__Exercise goal__
Output each entry that follows exactly. Images stay out.

__Task input__

****************************************

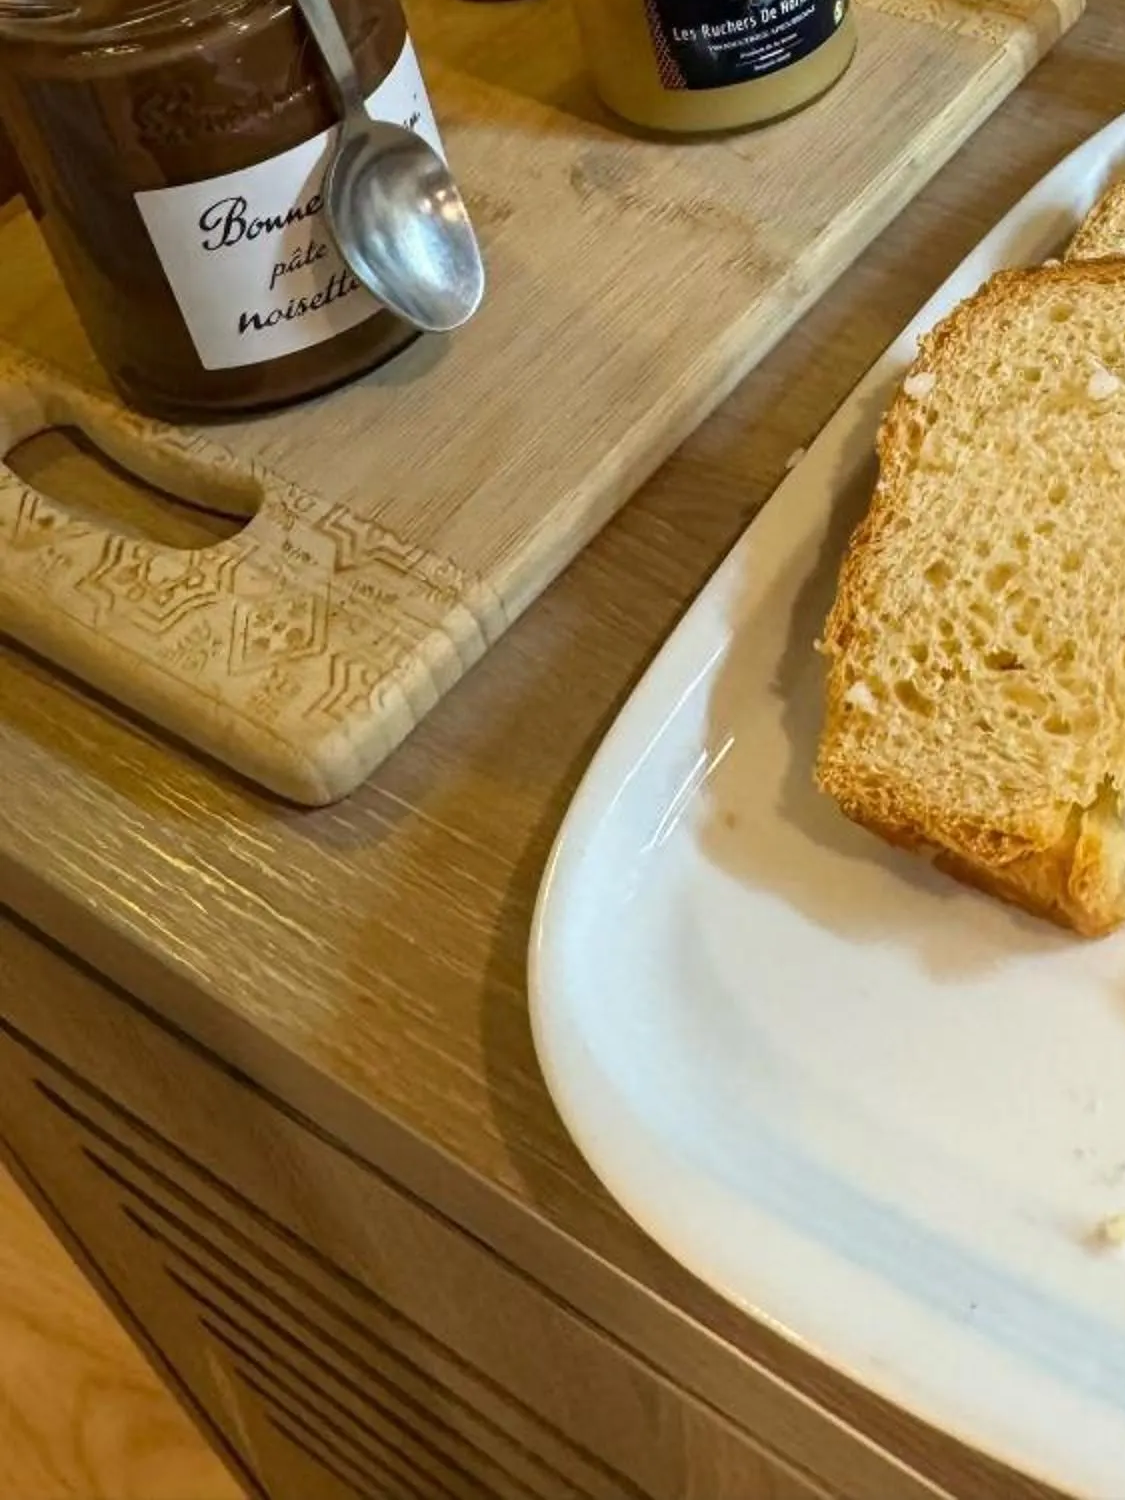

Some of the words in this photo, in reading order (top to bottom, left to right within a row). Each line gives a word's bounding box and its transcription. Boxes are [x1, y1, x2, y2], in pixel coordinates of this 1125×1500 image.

[672, 27, 697, 42] Les
[701, 15, 757, 39] Ruchers
[761, 9, 778, 23] De
[199, 195, 325, 251] Bonne
[269, 240, 327, 291] pâte
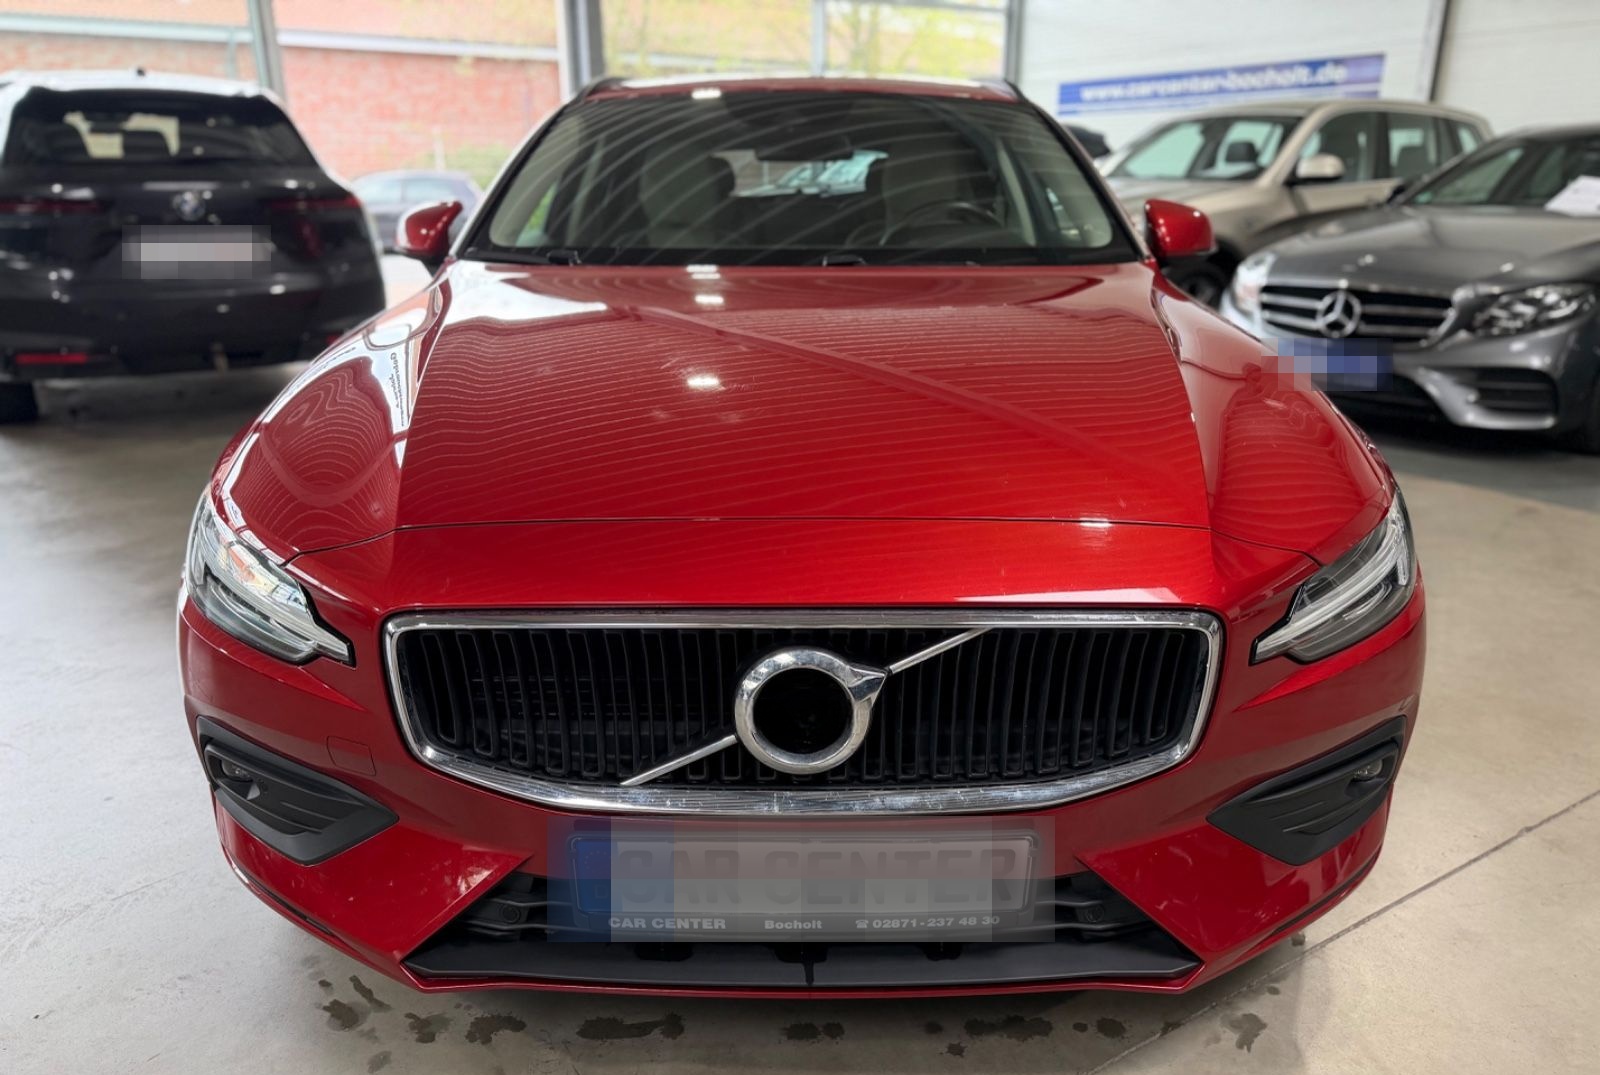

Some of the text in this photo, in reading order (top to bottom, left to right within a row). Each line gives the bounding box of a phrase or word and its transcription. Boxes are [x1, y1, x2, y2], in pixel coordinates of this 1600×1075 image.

[619, 849, 1017, 905] CAR CENTER
[608, 916, 647, 929] CAR
[651, 917, 727, 930] CENTER
[764, 919, 823, 930] Bocholt
[958, 916, 978, 926] 48
[981, 915, 1000, 926] 30

****************************************

__Answer__
Some of the words in this photo, in reading order (top to bottom, left to right within a row). Each line gives a word's bounding box and its transcription. Boxes are [x1, y1, x2, y2], in pixel coordinates of this 1125×1500 image.

[672, 27, 697, 42] Les
[701, 15, 757, 39] Ruchers
[761, 9, 778, 23] De
[199, 195, 325, 251] Bonne
[269, 240, 327, 291] pâte

Some of the text in this photo, in reading order (top to bottom, left to right within a row). Each line gives the bounding box of a phrase or word and its transcription. Boxes are [x1, y1, x2, y2], in pixel coordinates of this 1600×1075 image.

[619, 849, 1017, 905] CAR CENTER
[608, 916, 647, 929] CAR
[651, 917, 727, 930] CENTER
[764, 919, 823, 930] Bocholt
[958, 916, 978, 926] 48
[981, 915, 1000, 926] 30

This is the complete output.